Yeah you could say those specs suck majorly.


----------



## Crimson Lotus (Jul 26, 2013)

Isn't the real issue here that once XP support is discontinued there may be a number of exploits revealed that may seriously compromise the security of computers still using it?


----------



## SupaDupaFly (Sep 1, 2011)

I still use MS-DOS.


----------



## The Phantom Pain (Oct 6, 2010)

CravingBass said:


> Yeah, I heard that they might be adding the start menu again but i feel like it could be an april fool.


They honestly should have never messed with it in the first place. You know the saying; if it ain't broke, don't fix it. I suppose with tons of people just not upgrading, they just might have gotten the message.

It might be a bit too late to save Win 8 at this point though. Hopefully they'll use what they've learned in time to salvage Windows 9.


----------



## hermito (Jan 29, 2014)

The Phantom Pain said:


> It might be a bit too late to save Win 8 at this point though..


A dozen of start menu alternatives already exist for the 8 and 8.1.

classic shell
start8
startisback
etc


----------



## Steve French (Sep 17, 2012)

I probably would still be using it if my PC hadn't died a few years back, necessitating buying a new one that came with Windows 7. Damn change.

The transition wasn't too bad. I don't look forward to Windows 8 though, I don't like the UI at all.


----------



## The Phantom Pain (Oct 6, 2010)

hermito said:


> A dozen of start menu alternatives already exist for the 8 and 8.1.
> 
> classic shell
> start8
> ...


I assume those are 3rd party downloads. I'll have to give it a try if I ever by a PC with Win8 preinstalled and the rumors about them bringing it back prove false.

The fact that so many 3rd party programs exist though prove my point.
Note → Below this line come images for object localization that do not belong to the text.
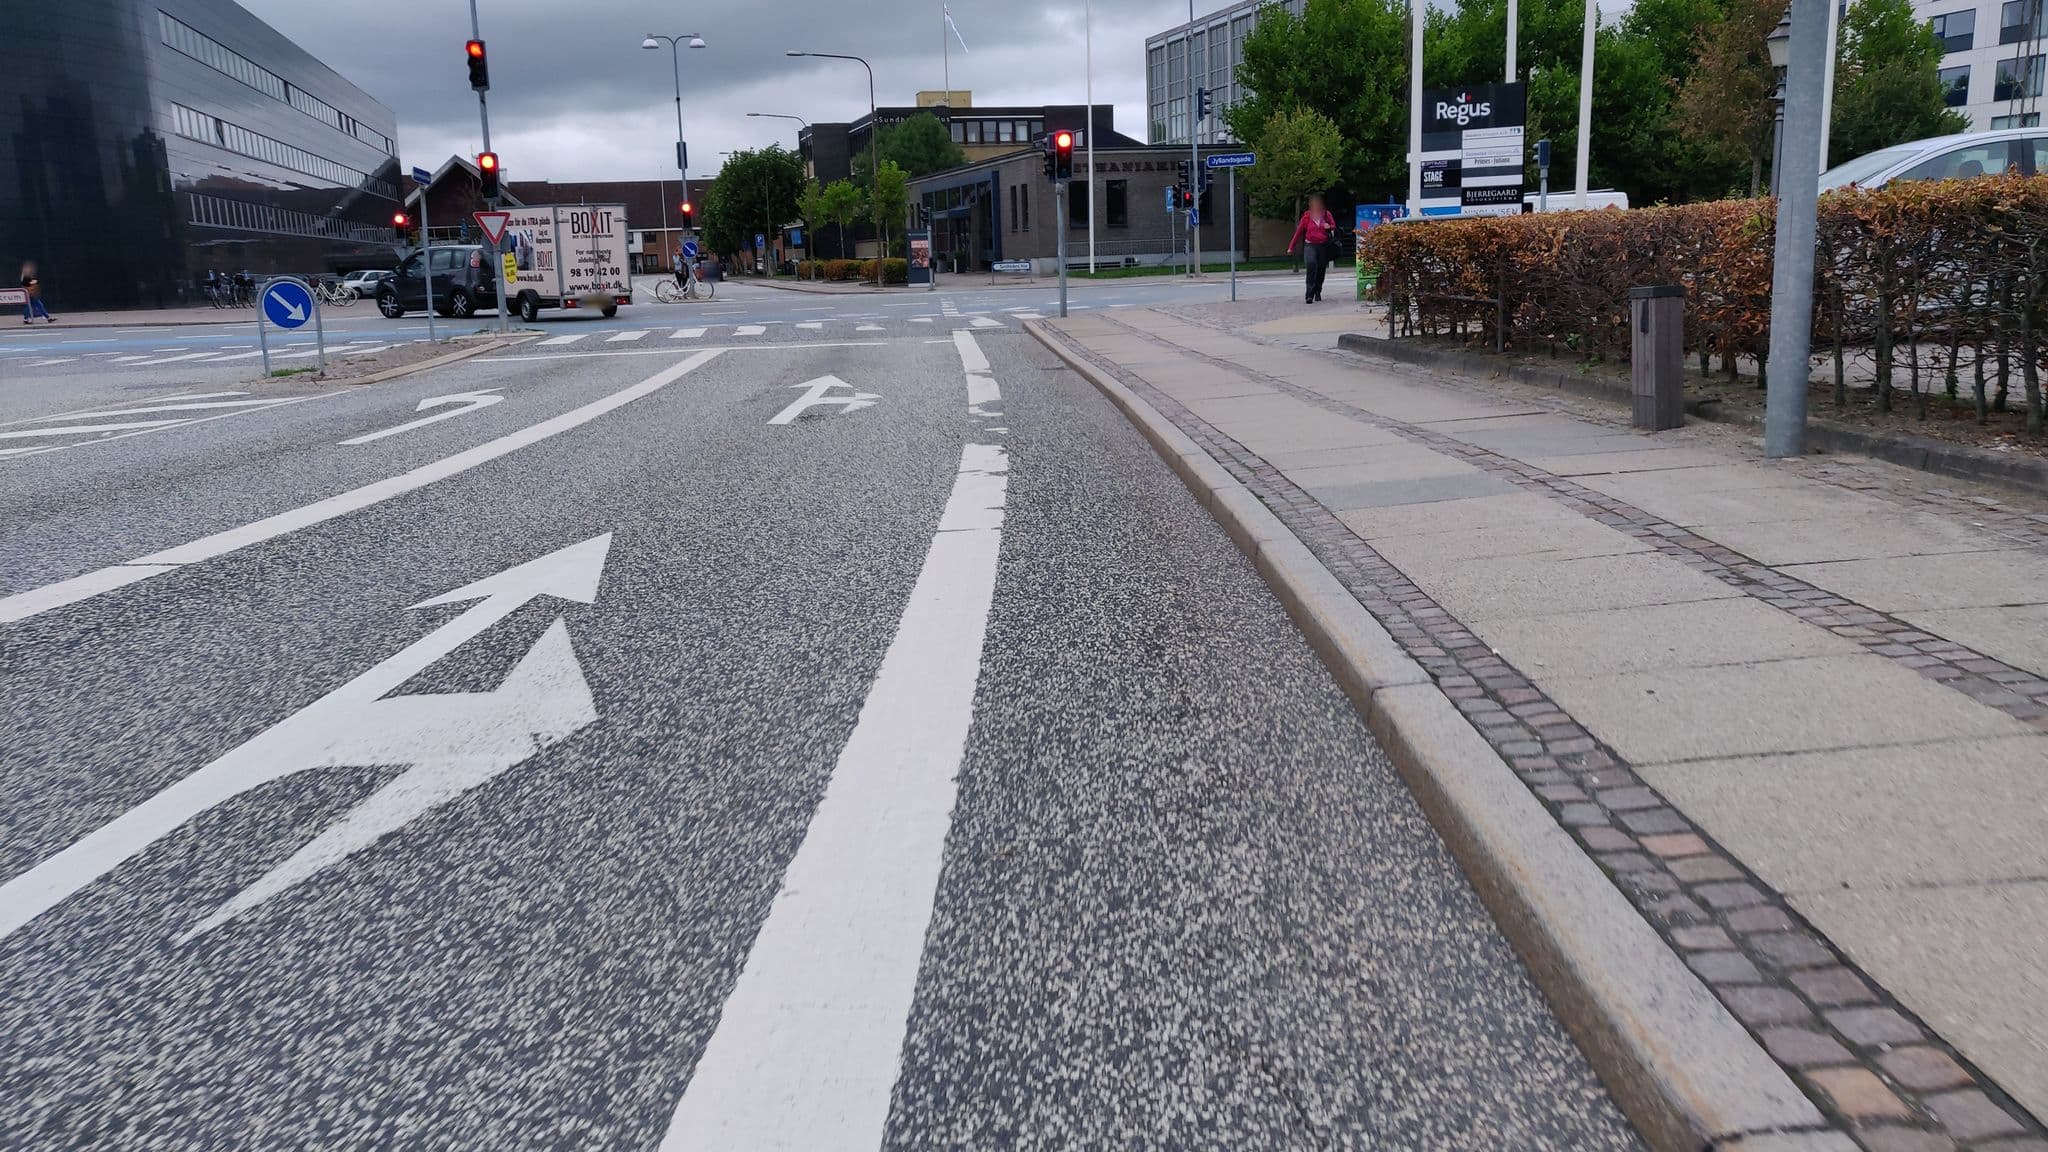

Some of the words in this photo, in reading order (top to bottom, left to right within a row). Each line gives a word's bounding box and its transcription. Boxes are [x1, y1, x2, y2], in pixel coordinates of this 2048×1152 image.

[1436, 102, 1491, 125] Regus
[1211, 156, 1252, 165] Jyllandsgade
[1423, 171, 1444, 182] STAGE
[1466, 189, 1518, 198] BJERREGAARD
[570, 212, 612, 234] BOXIT
[537, 251, 553, 267] BOXIT
[570, 268, 581, 277] 98
[584, 268, 594, 276] 19
[610, 267, 621, 275] 00
[569, 281, 623, 291] www.boxit.dk
How they thought removing a staple of the OS for years would improve it is beyond me.


----------



## Mysteriis (Apr 7, 2014)

just formatted my old toshiba with windows xp pro and install lubuntu 14.04 daily image! at least it's working with 512 from 2004 era xD and my primarily pc is windows 7.


----------



## WillYouStopDave (Jul 14, 2013)

The Phantom Pain said:


> The fact that so many 3rd party programs exist though prove my point. How they thought removing a staple of the OS for years would improve it is beyond me.
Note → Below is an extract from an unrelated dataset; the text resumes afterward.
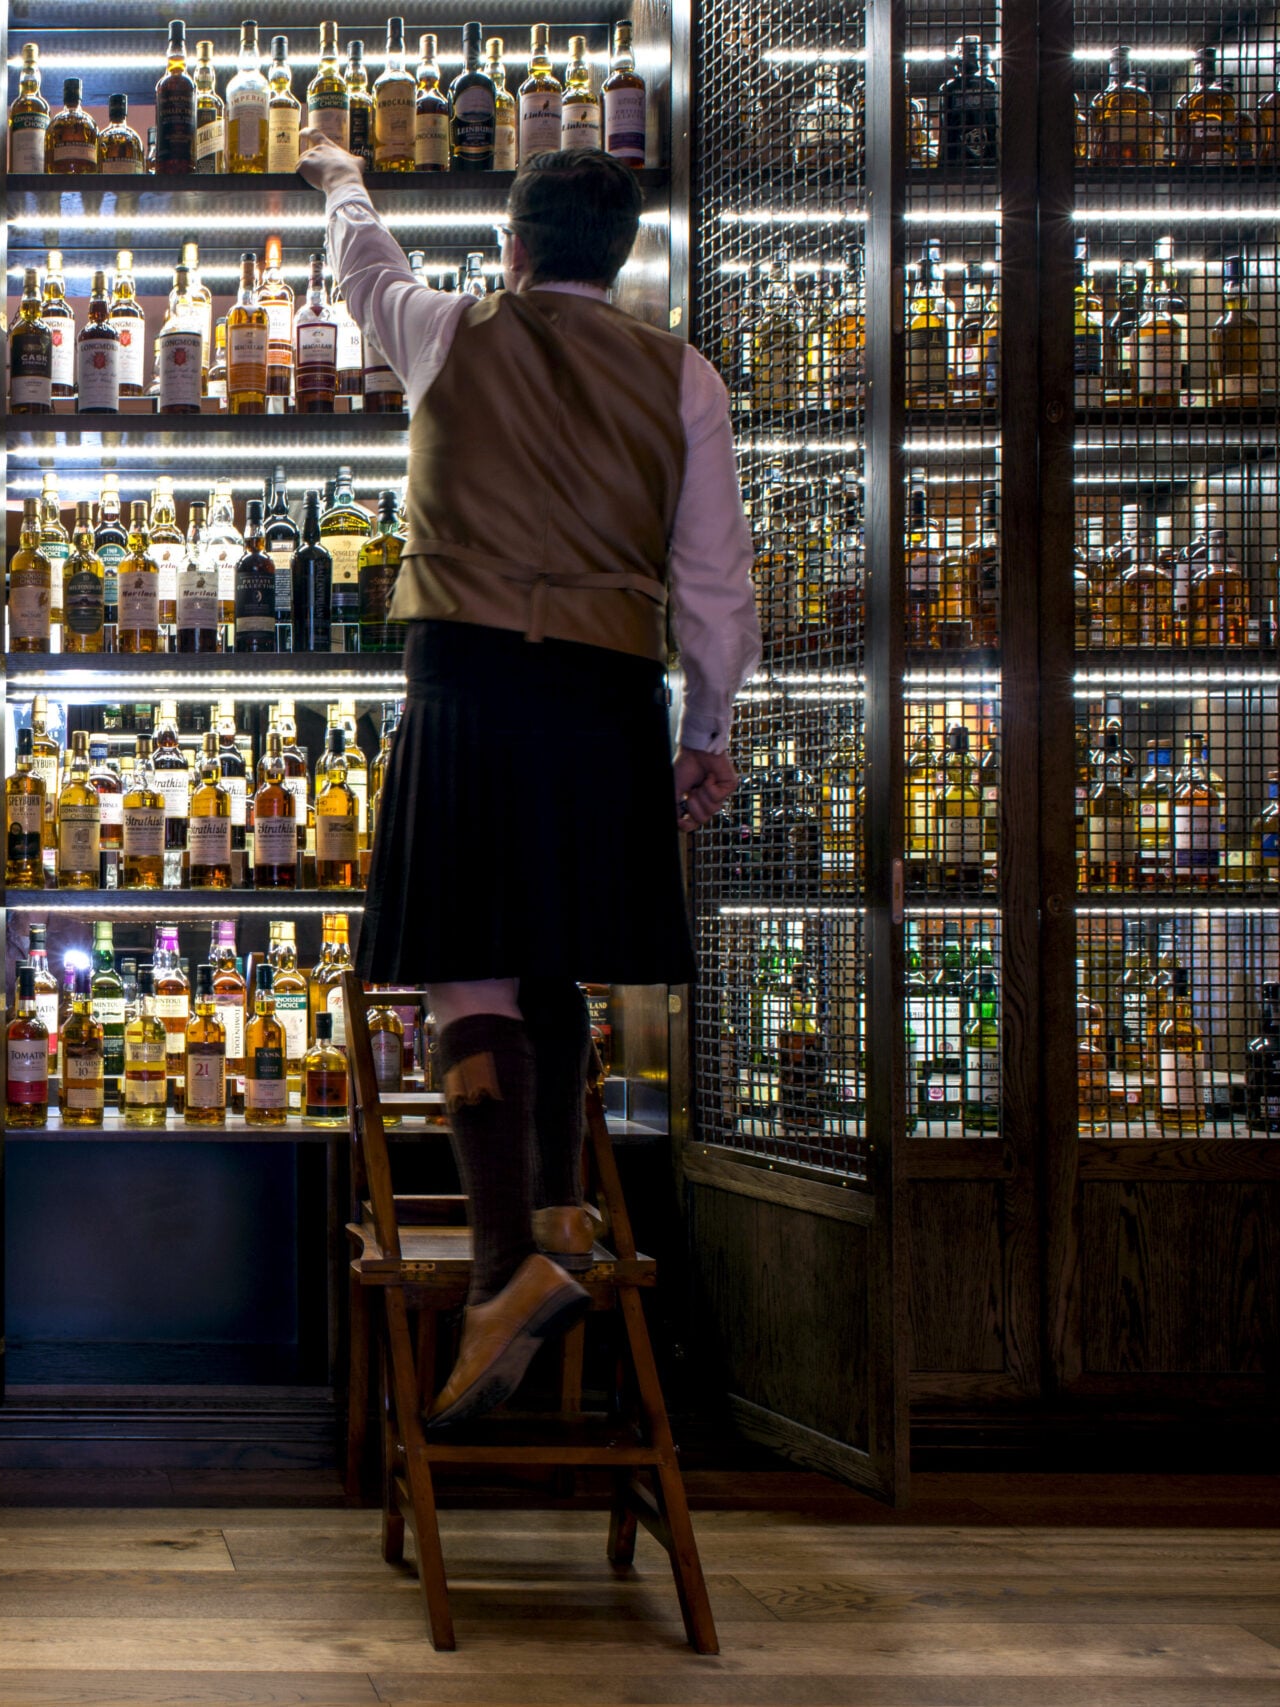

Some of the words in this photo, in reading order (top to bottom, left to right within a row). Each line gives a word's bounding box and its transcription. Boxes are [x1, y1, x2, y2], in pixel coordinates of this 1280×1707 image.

[350, 336, 360, 346] 18
[20, 354, 49, 362] CASK
[11, 1050, 46, 1060] TOMATIN
[195, 1063, 209, 1076] 21
 Agreed. It was idiotic. Tech companies (especially) get this syndrome. They think because they got lucky a few times they can take any risk and they'll be OK.


----------



## ShatteredGlass (Oct 12, 2012)

Well, Windows XP support is officially over.


----------



## Ape in space (May 31, 2010)

Ever since they discontinued support for XP yesterday, I've been cowering in the corner and haven't left the house. They're coming for me, I know it. :afr


----------



## WhoDey85 (Sep 6, 2006)

My puter hasn't burst into flames yet. :tiptoe


----------



## millenniumman75 (Feb 4, 2005)

I hate Windows Eight! I feel like I am stuck in the gut of Barney the Dinosaur.....or maybe it's Grimace from McDonald's? Either way, it's purple and it's madness. :doh


----------



## ShatteredGlass (Oct 12, 2012)

millenniumman75 said:


> I hate Windows Eight! I feel like I am stuck in the gut of Barney the Dinosaur.....or maybe it's Grimace from McDonald's? Either way, it's purple and it's madness. :doh


I can only see Windows 8 working on tablets. In my opinion, it could never beat Windows 7 for a desktop experience.

It's un-royal crap for my royal tastes.

Only a royal OS shall be put on my royal computer to be used by royalty (me).


----------



## BillDauterive (Oct 24, 2012)

Windows 8 did have a bit of a learning curve for me, but I have gotten used to it just as I have to 7 and previous versions.

If I was to use XP, it would only be on a virtual machine to run software and games not possible on newer Windows operating systems as well as the nostalgia factor. That was my OS in all my high school to early college years. Good times, good times. It was especially a welcome break coming from the nightmare that was Windows ME. :shudders:


----------



## The Phantom Pain (Oct 6, 2010)

WillYouStopDave said:


> Agreed. It was idiotic. Tech companies (especially) get this syndrome. They think because they got lucky a few times they can take any risk and they'll be OK.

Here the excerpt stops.